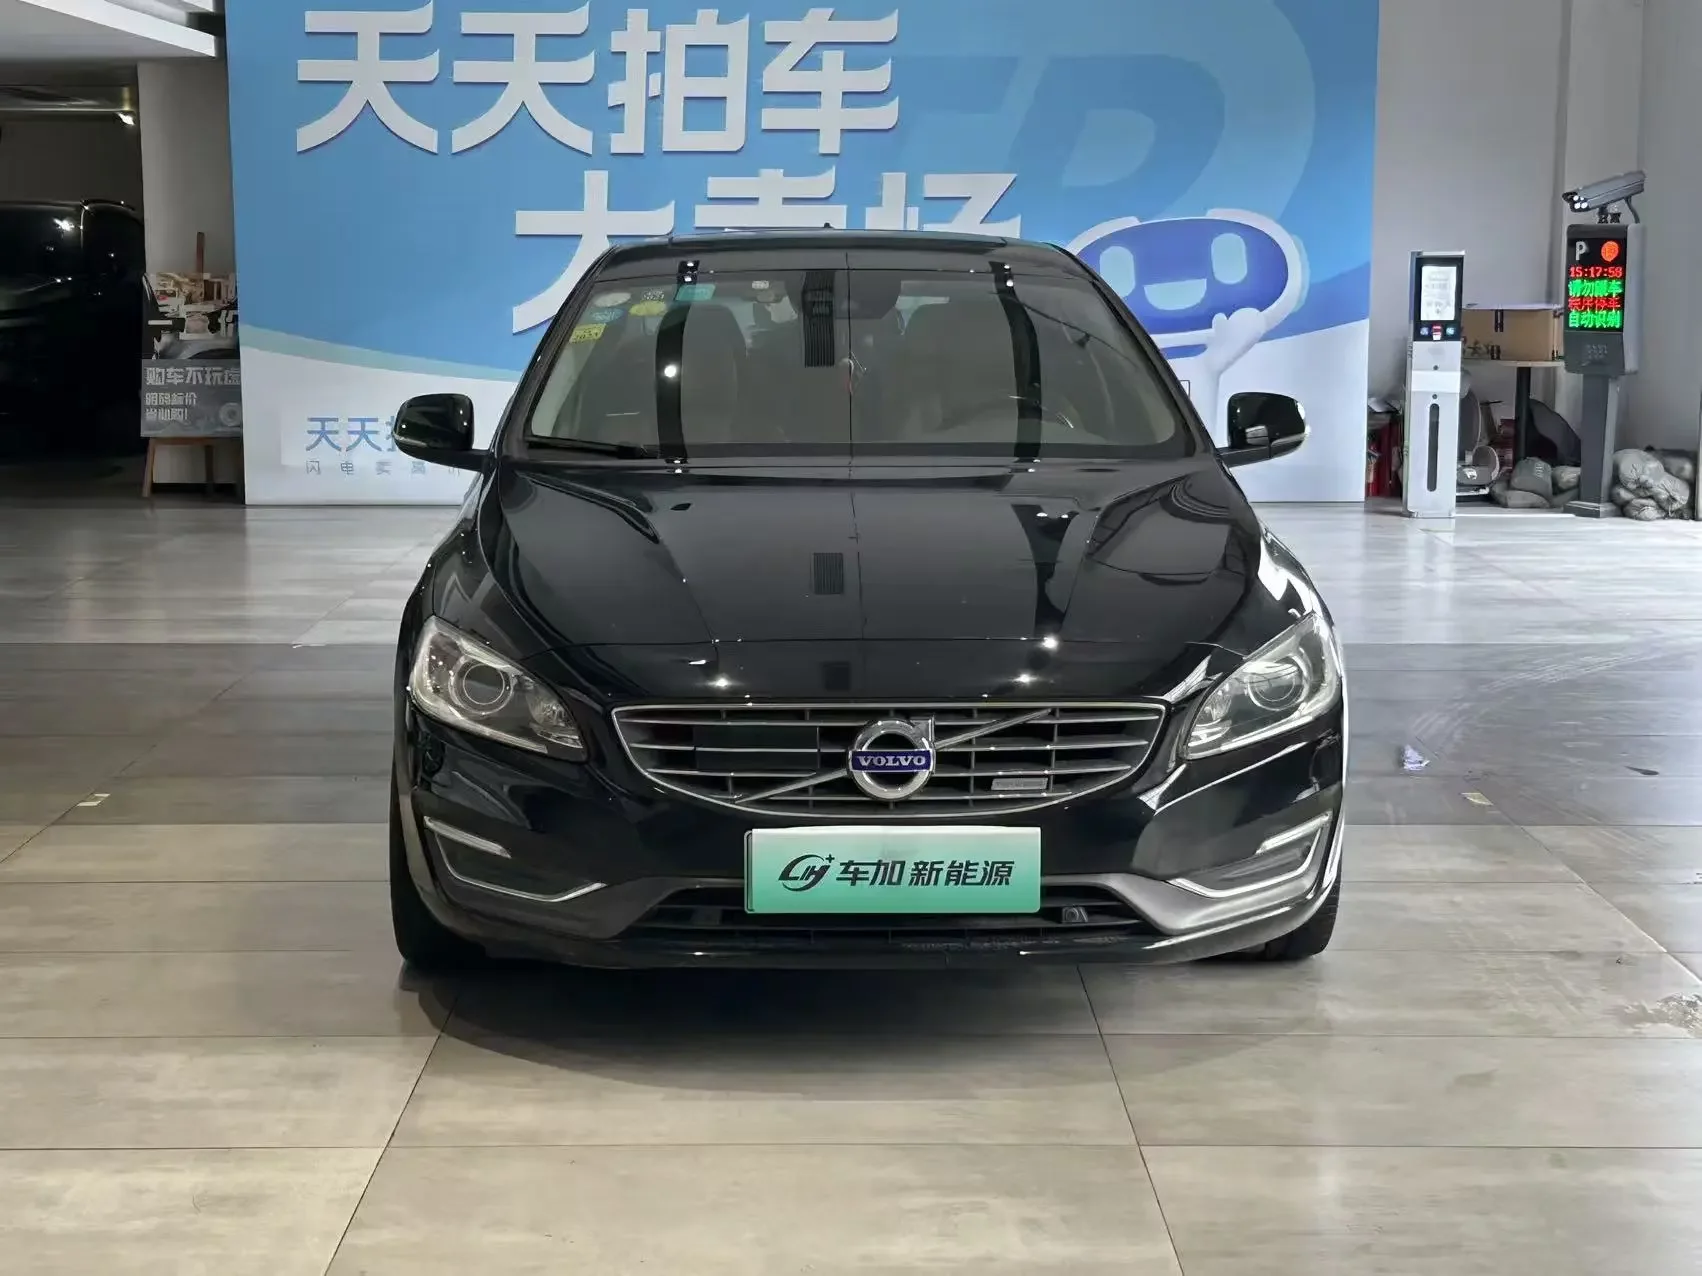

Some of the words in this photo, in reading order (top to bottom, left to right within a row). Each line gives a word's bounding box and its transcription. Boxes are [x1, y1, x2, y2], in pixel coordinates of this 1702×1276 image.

[297, 0, 899, 155] 天天拍车
[1575, 241, 1587, 261] P
[1568, 310, 1621, 328] 自动识别
[305, 415, 398, 452] 天天
[857, 755, 926, 767] VOLVO
[836, 859, 1014, 886] 车加新能源

==========

Assignment
Every record above should be duplicated precisely, with the images removed.

Solution to the exercise
Some of the words in this photo, in reading order (top to bottom, left to right within a row). Each line gives a word's bounding box and its transcription. Boxes are [x1, y1, x2, y2], in pixel coordinates of this 1702×1276 image.

[297, 0, 899, 155] 天天拍车
[1575, 241, 1587, 261] P
[1568, 310, 1621, 328] 自动识别
[305, 415, 398, 452] 天天
[857, 755, 926, 767] VOLVO
[836, 859, 1014, 886] 车加新能源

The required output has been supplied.